The first issue is harder to manage for it is affected by many moving parts and much of it is external and beyond Australia’s control. So complaining about the “Dutch disease” (Holland suffered a similar fate when its gas boom in past years caused its currency to appreciate) doesn’t get you anywhere. The Central Bank can lower interest rates as it has recently done and this could help, but in the end, the currency will find its own level relative based on trading patterns and longer-term fiscal management.

Where both government and private sectors can affect competitiveness lies around the structural change that is taking place based on the fact that the Australian workforce is well educated and skilled but expensive compared to many trading partners.

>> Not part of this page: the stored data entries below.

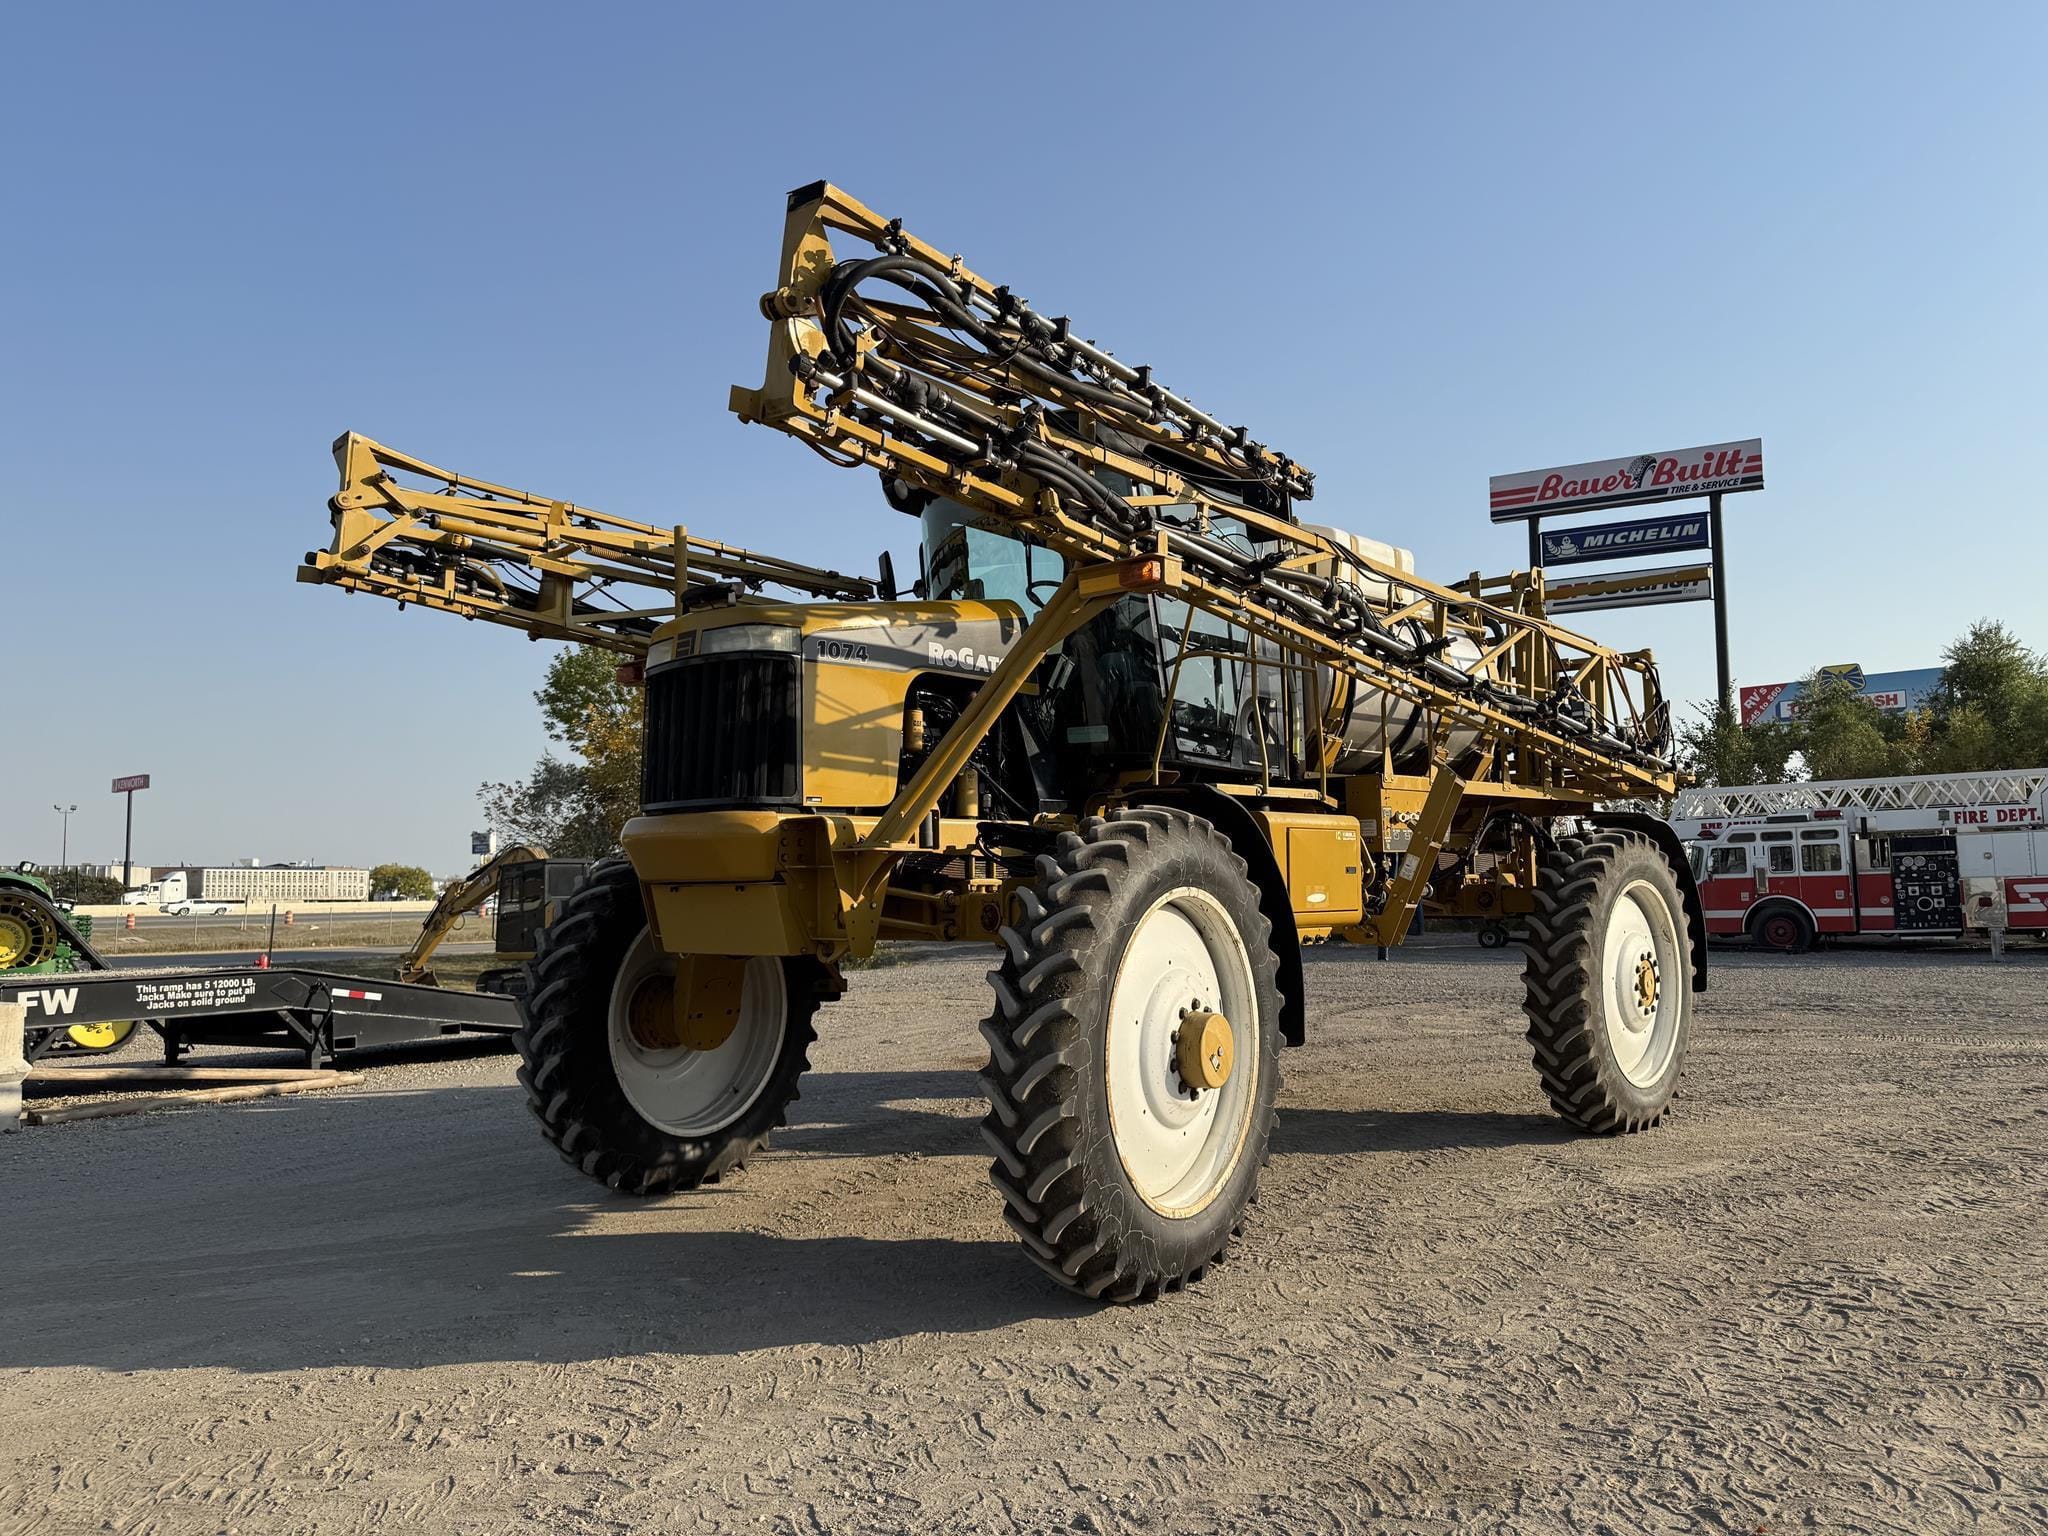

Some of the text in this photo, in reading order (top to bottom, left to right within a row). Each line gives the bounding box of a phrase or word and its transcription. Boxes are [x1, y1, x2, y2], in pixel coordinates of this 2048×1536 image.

[1537, 449, 1743, 501] Bauer Built
[1670, 477, 1740, 495] TIRE & SERVICE
[1583, 522, 1702, 548] MICHELIN
[816, 640, 869, 662] 1074
[1759, 702, 1769, 710] to
[1953, 807, 2042, 825] FIRE DEPT.
[136, 984, 157, 993] This
[160, 984, 183, 993] ramp
[186, 981, 202, 990] has
[204, 980, 211, 989] 5
[213, 979, 239, 988] 12000
[136, 986, 256, 1002] Jacks Make sure to put all
[17, 987, 79, 1017] FW
[146, 995, 246, 1010] Jacks on solid ground

Thus two things have to happen concurrently:

Government policy and tax incentives needs to be steered towards encouraging the industries, business models and jobs that Australia can afford and deliver on, playing to its strengths like time zone, infrastructure, natural resources (not just minerals and energy but cheap land and agricultural resources). Australia can’t compete making cheap plastic buckets or sports shoes, but it can make world-class medical devices and grow beef more efficiently than most countries.

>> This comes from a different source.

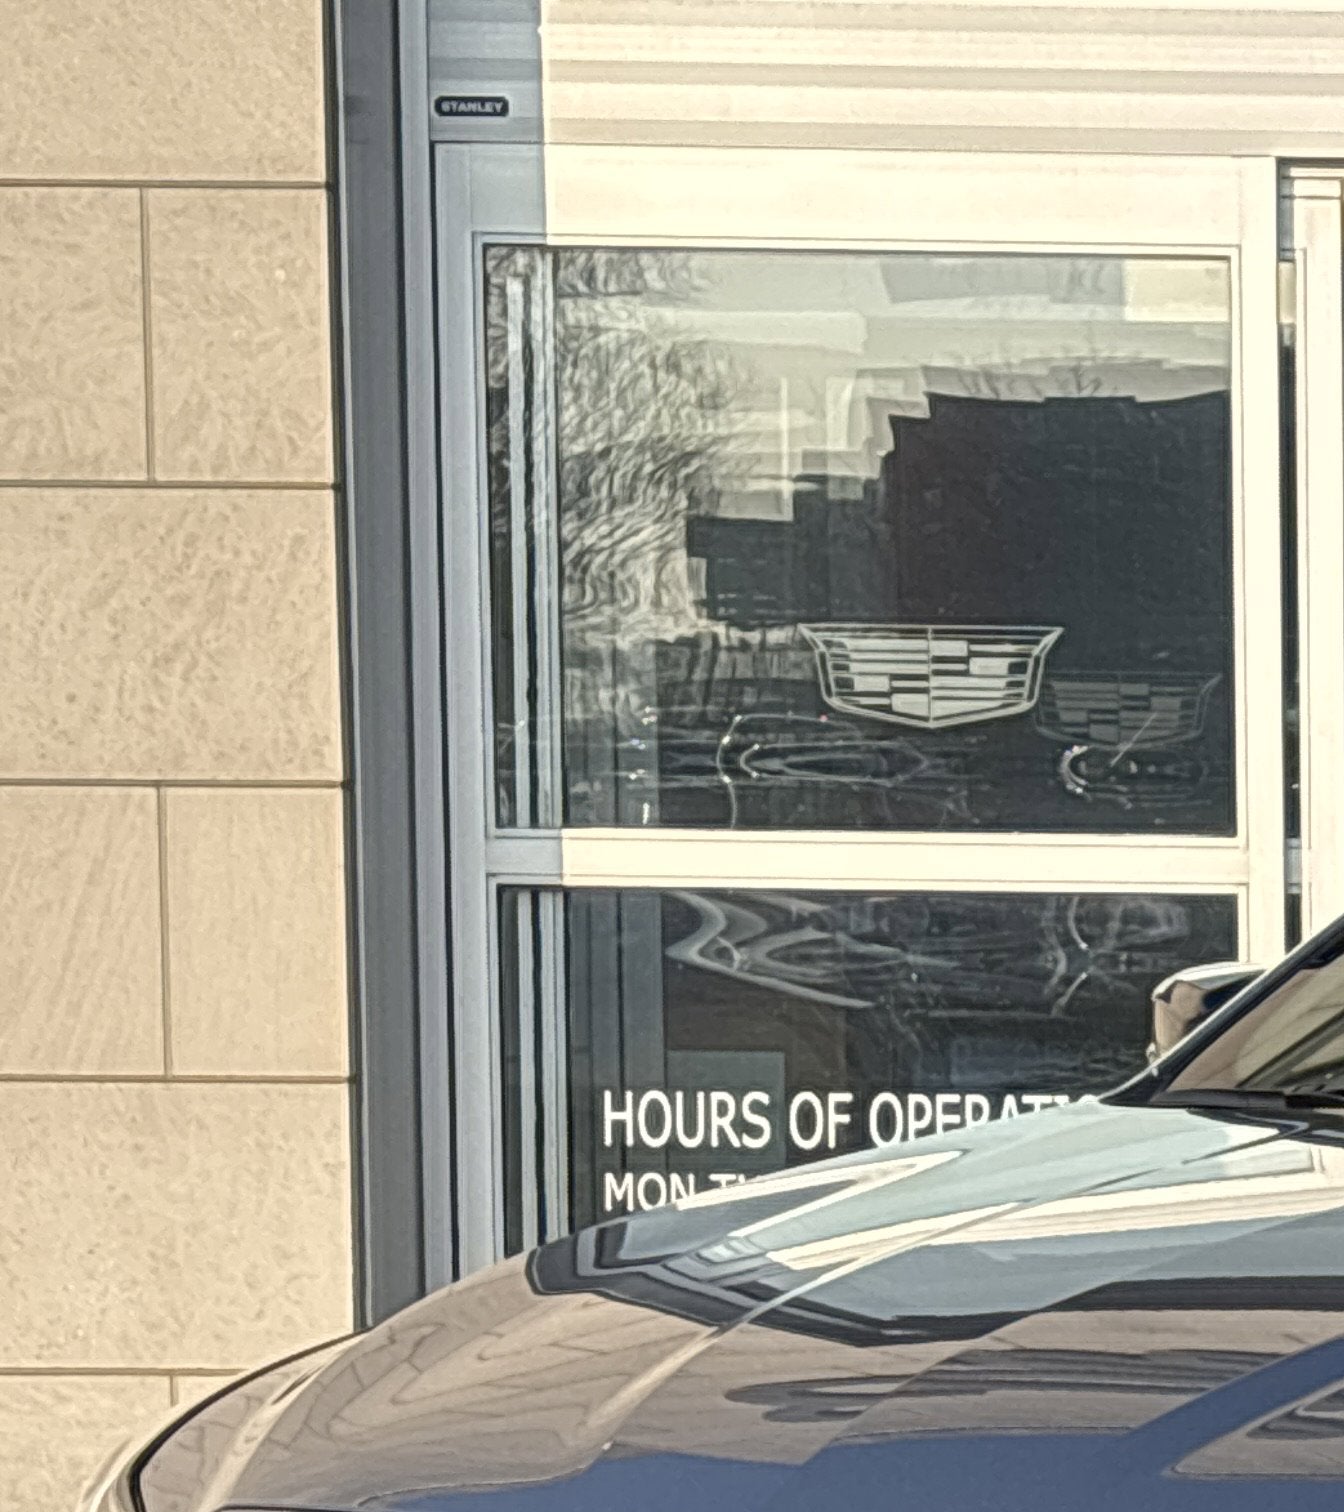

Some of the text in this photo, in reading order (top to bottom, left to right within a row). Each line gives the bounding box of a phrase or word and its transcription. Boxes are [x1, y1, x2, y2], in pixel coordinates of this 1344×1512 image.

[440, 100, 504, 113] STANLEY
[603, 1089, 772, 1149] HOURS
[788, 1090, 854, 1150] OF

Secondly all the old-fashioned “socialist ideals” around protecting the workforce need to be revisited by State and Federal Governments with the unions, in the context of a just and fair wage system but not one that rewards low productivity and rorts created by out of date legislation that often incentivises people to be unproductive when they would rather work.

Strip out a lot of this legislative red tape and statutory framework and the underlying productivity of hard working Australians would be released as it is when one sees that 5% of our workforce is overseas at any one time, in big demand by global companies that know what they are capable of when left to their own devices and incentivised.

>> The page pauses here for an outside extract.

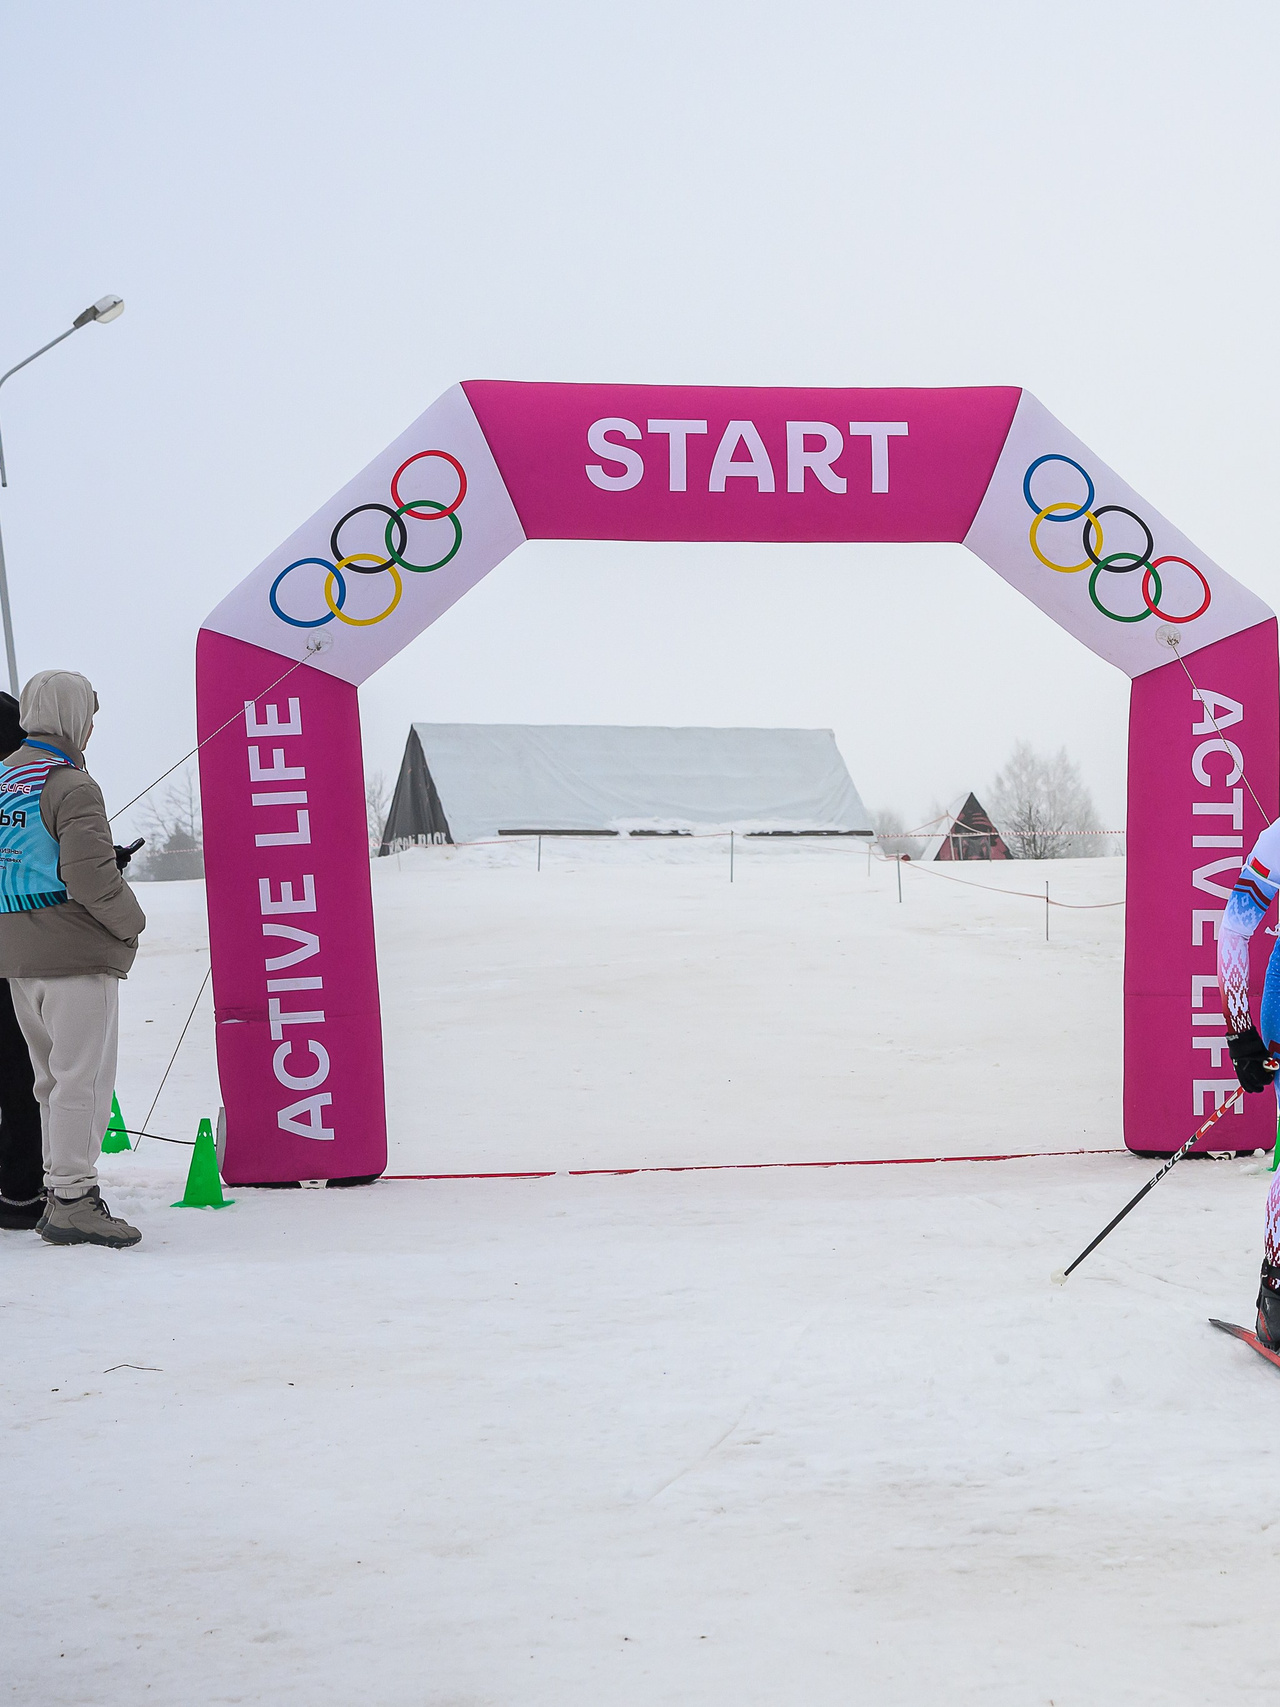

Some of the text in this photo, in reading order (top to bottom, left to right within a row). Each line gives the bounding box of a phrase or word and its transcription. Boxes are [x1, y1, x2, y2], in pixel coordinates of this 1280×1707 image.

[585, 417, 909, 494] START
[1191, 688, 1244, 946] ACTIVE
[244, 697, 335, 1140] ACTIVE LIFE
[1191, 975, 1244, 1116] LIFE

John Brown, Managing Director, Electrolux Home Products Pty Ltd

Whitegoods sales are heavily dependent on increased homebuilding activity and there is nothing in the budget which would indicate a stimulus in that regard. There could be a temporary stimulus to consumption from the family cash allowances, which might prompt people to buy new appliances in the short-term.

Manufacturers like Electrolux will face increased costs of doing business here as the carbon tax pushes up power and transport prices. The organisation and our retail partners will continue to be at a disadvantage to overseas competitors who aren’t affected by a carbon tax at the manufacturing source or GST at the point of consumption.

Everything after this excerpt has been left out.